Of course, I give the cat too much credit. He is only a cat right? But to kill that particular bird, lay him in my personal cupboard, has to be more than coincidence....doesn't it. I don't know how he managed to get in there. I open those doors so seldom. He wasn't hungry, the bird looked unmarked, he still looked beautiful. It really was like a present. A cat is a simple thing in terms of intent isn't it? He cannot rationalise, the killing, the storing, the whole present theory, is mine of course. But it was quite a slap in the face at the time. Despite me telling myself otherwise, it felt a betrayal.
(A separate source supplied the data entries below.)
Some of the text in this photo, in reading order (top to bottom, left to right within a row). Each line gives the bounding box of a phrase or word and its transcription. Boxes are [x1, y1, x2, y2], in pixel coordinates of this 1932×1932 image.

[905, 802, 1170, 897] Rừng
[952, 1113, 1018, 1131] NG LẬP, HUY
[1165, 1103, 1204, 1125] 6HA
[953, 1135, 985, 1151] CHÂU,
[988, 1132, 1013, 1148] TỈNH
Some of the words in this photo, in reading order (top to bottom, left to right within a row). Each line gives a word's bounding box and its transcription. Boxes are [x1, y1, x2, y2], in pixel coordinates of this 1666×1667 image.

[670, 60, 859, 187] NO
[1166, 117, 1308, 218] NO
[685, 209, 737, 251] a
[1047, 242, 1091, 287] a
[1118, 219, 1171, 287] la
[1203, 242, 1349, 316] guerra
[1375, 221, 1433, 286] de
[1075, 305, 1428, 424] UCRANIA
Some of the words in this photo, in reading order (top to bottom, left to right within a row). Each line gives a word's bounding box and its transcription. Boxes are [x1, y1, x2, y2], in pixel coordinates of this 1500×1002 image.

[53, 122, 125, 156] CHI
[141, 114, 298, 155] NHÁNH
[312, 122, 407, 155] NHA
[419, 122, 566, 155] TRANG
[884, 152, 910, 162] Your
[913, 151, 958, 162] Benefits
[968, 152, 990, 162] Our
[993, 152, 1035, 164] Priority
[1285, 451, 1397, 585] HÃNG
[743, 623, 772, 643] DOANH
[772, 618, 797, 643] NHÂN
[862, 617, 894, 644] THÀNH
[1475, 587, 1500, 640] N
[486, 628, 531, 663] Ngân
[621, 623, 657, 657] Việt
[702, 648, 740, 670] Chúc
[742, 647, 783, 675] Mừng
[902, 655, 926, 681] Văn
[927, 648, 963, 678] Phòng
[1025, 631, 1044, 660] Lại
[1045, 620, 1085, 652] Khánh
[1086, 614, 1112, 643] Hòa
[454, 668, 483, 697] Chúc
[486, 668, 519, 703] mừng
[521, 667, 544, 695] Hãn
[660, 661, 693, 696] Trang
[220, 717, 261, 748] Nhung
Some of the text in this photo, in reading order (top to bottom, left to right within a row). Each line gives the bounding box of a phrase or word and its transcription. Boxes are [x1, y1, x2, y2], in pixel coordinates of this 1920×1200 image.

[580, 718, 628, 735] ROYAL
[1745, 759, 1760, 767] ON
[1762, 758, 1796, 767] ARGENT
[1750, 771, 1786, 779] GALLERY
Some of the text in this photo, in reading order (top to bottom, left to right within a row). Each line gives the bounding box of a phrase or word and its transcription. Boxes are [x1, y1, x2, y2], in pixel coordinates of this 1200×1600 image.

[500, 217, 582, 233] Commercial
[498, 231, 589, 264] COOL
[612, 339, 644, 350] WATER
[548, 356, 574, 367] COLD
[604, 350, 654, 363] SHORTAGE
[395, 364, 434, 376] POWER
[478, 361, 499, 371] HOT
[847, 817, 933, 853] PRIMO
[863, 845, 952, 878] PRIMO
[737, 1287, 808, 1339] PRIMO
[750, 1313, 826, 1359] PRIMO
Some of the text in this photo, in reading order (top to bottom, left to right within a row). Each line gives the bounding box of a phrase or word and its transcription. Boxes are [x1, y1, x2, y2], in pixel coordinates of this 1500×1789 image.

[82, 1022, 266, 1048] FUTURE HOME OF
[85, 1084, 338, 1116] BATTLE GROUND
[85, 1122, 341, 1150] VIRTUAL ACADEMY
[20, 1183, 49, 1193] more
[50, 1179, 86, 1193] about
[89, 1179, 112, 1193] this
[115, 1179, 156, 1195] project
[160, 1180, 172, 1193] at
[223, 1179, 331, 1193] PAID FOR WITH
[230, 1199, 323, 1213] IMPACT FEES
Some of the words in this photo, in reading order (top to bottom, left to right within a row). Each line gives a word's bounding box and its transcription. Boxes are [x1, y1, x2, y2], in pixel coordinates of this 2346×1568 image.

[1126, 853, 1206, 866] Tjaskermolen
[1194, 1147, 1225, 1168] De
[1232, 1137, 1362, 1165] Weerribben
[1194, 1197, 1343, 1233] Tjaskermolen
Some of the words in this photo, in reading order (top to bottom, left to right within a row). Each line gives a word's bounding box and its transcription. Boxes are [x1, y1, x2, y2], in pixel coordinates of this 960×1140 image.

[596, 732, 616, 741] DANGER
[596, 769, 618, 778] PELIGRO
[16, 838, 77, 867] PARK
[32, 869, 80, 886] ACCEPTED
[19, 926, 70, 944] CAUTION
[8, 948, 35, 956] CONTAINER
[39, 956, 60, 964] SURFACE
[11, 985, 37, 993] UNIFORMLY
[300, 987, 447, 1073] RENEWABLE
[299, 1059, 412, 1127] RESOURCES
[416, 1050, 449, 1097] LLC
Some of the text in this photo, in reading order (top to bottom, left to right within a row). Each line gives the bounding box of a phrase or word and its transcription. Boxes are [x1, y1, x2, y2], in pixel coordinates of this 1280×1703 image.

Cute cats. Now for me, the best kind.
I and the cat lived there another couple of years, then he moved on, when I moved on. In different directions I might add. The cat and I were not as close after that, I suppose to me, he lost his 'lucky' tag. I tried not to, but I did hold it against him. As for the bird, well he wasn't replaced, I missed him. As such things can never be replaced, he was special. But I shall always remember my special song bird who shared his songs, and my lucky black cat who looked out for me. Darwin, my Wild West town, was a wonderful place to live despite this.